■ **Activity**: Down to the last line, reproduce the records exactly.
━━━ Excerpted data ━━━
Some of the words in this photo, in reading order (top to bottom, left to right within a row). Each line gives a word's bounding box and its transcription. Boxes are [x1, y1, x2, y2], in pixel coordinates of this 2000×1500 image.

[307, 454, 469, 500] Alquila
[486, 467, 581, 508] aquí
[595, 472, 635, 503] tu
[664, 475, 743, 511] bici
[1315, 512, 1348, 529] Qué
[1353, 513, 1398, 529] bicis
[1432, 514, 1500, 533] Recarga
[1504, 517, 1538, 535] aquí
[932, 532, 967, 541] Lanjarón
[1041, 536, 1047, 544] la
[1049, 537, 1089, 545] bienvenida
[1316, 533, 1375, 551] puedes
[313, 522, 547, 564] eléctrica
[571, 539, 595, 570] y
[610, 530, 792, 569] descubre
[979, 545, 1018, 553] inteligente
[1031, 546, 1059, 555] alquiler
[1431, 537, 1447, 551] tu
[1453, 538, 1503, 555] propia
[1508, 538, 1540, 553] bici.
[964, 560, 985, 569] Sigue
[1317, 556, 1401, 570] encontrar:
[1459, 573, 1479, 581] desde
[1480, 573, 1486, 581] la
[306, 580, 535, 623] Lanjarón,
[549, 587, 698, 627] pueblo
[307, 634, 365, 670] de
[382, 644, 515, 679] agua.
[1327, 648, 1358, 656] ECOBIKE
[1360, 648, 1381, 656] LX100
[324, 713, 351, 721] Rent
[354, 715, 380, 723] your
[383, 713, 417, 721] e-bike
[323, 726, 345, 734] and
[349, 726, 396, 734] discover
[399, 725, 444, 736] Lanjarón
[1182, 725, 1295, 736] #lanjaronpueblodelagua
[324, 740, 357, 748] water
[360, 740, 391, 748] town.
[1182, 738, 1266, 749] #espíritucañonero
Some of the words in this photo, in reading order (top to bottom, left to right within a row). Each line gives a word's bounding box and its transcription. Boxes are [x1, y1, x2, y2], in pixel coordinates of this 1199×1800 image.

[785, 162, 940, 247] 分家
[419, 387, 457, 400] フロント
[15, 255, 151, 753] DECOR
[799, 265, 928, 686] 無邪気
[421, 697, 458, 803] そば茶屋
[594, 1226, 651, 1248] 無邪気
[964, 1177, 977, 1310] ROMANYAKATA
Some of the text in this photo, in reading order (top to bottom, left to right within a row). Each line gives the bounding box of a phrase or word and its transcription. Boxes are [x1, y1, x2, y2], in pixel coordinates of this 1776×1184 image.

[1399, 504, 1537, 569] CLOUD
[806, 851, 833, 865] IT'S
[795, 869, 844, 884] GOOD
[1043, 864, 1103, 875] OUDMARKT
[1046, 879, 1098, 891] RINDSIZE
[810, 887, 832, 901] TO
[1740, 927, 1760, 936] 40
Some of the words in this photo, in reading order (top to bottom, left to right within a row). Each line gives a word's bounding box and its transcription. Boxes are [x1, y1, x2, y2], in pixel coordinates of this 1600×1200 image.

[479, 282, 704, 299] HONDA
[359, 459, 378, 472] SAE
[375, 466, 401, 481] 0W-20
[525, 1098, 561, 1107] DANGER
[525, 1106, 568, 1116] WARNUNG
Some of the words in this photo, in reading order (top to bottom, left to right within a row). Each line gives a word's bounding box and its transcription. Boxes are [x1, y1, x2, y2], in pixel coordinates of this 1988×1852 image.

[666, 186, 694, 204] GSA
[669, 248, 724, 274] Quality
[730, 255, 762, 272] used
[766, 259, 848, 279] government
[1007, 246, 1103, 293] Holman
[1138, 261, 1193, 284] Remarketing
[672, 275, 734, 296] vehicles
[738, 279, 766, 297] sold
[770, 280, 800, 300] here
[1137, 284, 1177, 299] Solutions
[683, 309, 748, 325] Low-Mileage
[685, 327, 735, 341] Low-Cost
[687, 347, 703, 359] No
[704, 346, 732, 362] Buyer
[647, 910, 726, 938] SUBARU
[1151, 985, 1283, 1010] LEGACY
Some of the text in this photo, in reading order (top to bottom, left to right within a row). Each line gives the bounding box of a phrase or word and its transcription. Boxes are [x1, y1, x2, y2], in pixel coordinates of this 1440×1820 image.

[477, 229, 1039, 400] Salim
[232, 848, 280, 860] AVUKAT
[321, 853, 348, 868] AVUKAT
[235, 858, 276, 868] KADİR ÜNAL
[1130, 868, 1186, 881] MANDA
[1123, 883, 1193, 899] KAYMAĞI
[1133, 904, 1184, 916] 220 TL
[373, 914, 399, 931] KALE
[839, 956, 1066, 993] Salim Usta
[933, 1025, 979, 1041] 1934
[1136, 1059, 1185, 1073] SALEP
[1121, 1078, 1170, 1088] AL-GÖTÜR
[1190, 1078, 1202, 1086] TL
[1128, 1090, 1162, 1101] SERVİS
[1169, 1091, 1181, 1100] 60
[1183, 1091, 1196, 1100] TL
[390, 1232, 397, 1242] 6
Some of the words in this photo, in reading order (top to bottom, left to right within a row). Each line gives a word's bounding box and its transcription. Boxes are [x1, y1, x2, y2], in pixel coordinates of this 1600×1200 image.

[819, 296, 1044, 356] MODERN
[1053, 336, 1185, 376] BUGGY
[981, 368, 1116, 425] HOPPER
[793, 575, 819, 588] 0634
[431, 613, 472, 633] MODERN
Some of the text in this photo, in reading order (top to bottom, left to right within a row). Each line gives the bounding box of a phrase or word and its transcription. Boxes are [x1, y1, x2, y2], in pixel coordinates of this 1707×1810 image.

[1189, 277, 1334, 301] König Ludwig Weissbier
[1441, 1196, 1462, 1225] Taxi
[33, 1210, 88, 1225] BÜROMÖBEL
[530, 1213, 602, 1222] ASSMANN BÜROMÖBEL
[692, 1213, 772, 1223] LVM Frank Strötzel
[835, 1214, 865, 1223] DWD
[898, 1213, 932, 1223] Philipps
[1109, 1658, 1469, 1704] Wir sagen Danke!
━━━
■ **Result for this task**:
Some of the words in this photo, in reading order (top to bottom, left to right within a row). Each line gives a word's bounding box and its transcription. Boxes are [x1, y1, x2, y2], in pixel coordinates of this 2000×1500 image.

[307, 454, 469, 500] Alquila
[486, 467, 581, 508] aquí
[595, 472, 635, 503] tu
[664, 475, 743, 511] bici
[1315, 512, 1348, 529] Qué
[1353, 513, 1398, 529] bicis
[1432, 514, 1500, 533] Recarga
[1504, 517, 1538, 535] aquí
[932, 532, 967, 541] Lanjarón
[1041, 536, 1047, 544] la
[1049, 537, 1089, 545] bienvenida
[1316, 533, 1375, 551] puedes
[313, 522, 547, 564] eléctrica
[571, 539, 595, 570] y
[610, 530, 792, 569] descubre
[979, 545, 1018, 553] inteligente
[1031, 546, 1059, 555] alquiler
[1431, 537, 1447, 551] tu
[1453, 538, 1503, 555] propia
[1508, 538, 1540, 553] bici.
[964, 560, 985, 569] Sigue
[1317, 556, 1401, 570] encontrar:
[1459, 573, 1479, 581] desde
[1480, 573, 1486, 581] la
[306, 580, 535, 623] Lanjarón,
[549, 587, 698, 627] pueblo
[307, 634, 365, 670] de
[382, 644, 515, 679] agua.
[1327, 648, 1358, 656] ECOBIKE
[1360, 648, 1381, 656] LX100
[324, 713, 351, 721] Rent
[354, 715, 380, 723] your
[383, 713, 417, 721] e-bike
[323, 726, 345, 734] and
[349, 726, 396, 734] discover
[399, 725, 444, 736] Lanjarón
[1182, 725, 1295, 736] #lanjaronpueblodelagua
[324, 740, 357, 748] water
[360, 740, 391, 748] town.
[1182, 738, 1266, 749] #espíritucañonero
Some of the words in this photo, in reading order (top to bottom, left to right within a row). Each line gives a word's bounding box and its transcription. Boxes are [x1, y1, x2, y2], in pixel coordinates of this 1199×1800 image.

[785, 162, 940, 247] 分家
[419, 387, 457, 400] フロント
[15, 255, 151, 753] DECOR
[799, 265, 928, 686] 無邪気
[421, 697, 458, 803] そば茶屋
[594, 1226, 651, 1248] 無邪気
[964, 1177, 977, 1310] ROMANYAKATA
Some of the text in this photo, in reading order (top to bottom, left to right within a row). Each line gives the bounding box of a phrase or word and its transcription. Boxes are [x1, y1, x2, y2], in pixel coordinates of this 1776×1184 image.

[1399, 504, 1537, 569] CLOUD
[806, 851, 833, 865] IT'S
[795, 869, 844, 884] GOOD
[1043, 864, 1103, 875] OUDMARKT
[1046, 879, 1098, 891] RINDSIZE
[810, 887, 832, 901] TO
[1740, 927, 1760, 936] 40
Some of the words in this photo, in reading order (top to bottom, left to right within a row). Each line gives a word's bounding box and its transcription. Boxes are [x1, y1, x2, y2], in pixel coordinates of this 1600×1200 image.

[479, 282, 704, 299] HONDA
[359, 459, 378, 472] SAE
[375, 466, 401, 481] 0W-20
[525, 1098, 561, 1107] DANGER
[525, 1106, 568, 1116] WARNUNG
Some of the words in this photo, in reading order (top to bottom, left to right within a row). Each line gives a word's bounding box and its transcription. Boxes are [x1, y1, x2, y2], in pixel coordinates of this 1988×1852 image.

[666, 186, 694, 204] GSA
[669, 248, 724, 274] Quality
[730, 255, 762, 272] used
[766, 259, 848, 279] government
[1007, 246, 1103, 293] Holman
[1138, 261, 1193, 284] Remarketing
[672, 275, 734, 296] vehicles
[738, 279, 766, 297] sold
[770, 280, 800, 300] here
[1137, 284, 1177, 299] Solutions
[683, 309, 748, 325] Low-Mileage
[685, 327, 735, 341] Low-Cost
[687, 347, 703, 359] No
[704, 346, 732, 362] Buyer
[647, 910, 726, 938] SUBARU
[1151, 985, 1283, 1010] LEGACY
Some of the text in this photo, in reading order (top to bottom, left to right within a row). Each line gives the bounding box of a phrase or word and its transcription. Boxes are [x1, y1, x2, y2], in pixel coordinates of this 1440×1820 image.

[477, 229, 1039, 400] Salim
[232, 848, 280, 860] AVUKAT
[321, 853, 348, 868] AVUKAT
[235, 858, 276, 868] KADİR ÜNAL
[1130, 868, 1186, 881] MANDA
[1123, 883, 1193, 899] KAYMAĞI
[1133, 904, 1184, 916] 220 TL
[373, 914, 399, 931] KALE
[839, 956, 1066, 993] Salim Usta
[933, 1025, 979, 1041] 1934
[1136, 1059, 1185, 1073] SALEP
[1121, 1078, 1170, 1088] AL-GÖTÜR
[1190, 1078, 1202, 1086] TL
[1128, 1090, 1162, 1101] SERVİS
[1169, 1091, 1181, 1100] 60
[1183, 1091, 1196, 1100] TL
[390, 1232, 397, 1242] 6
Some of the words in this photo, in reading order (top to bottom, left to right within a row). Each line gives a word's bounding box and its transcription. Boxes are [x1, y1, x2, y2], in pixel coordinates of this 1600×1200 image.

[819, 296, 1044, 356] MODERN
[1053, 336, 1185, 376] BUGGY
[981, 368, 1116, 425] HOPPER
[793, 575, 819, 588] 0634
[431, 613, 472, 633] MODERN
Some of the text in this photo, in reading order (top to bottom, left to right within a row). Each line gives the bounding box of a phrase or word and its transcription. Boxes are [x1, y1, x2, y2], in pixel coordinates of this 1707×1810 image.

[1189, 277, 1334, 301] König Ludwig Weissbier
[1441, 1196, 1462, 1225] Taxi
[33, 1210, 88, 1225] BÜROMÖBEL
[530, 1213, 602, 1222] ASSMANN BÜROMÖBEL
[692, 1213, 772, 1223] LVM Frank Strötzel
[835, 1214, 865, 1223] DWD
[898, 1213, 932, 1223] Philipps
[1109, 1658, 1469, 1704] Wir sagen Danke!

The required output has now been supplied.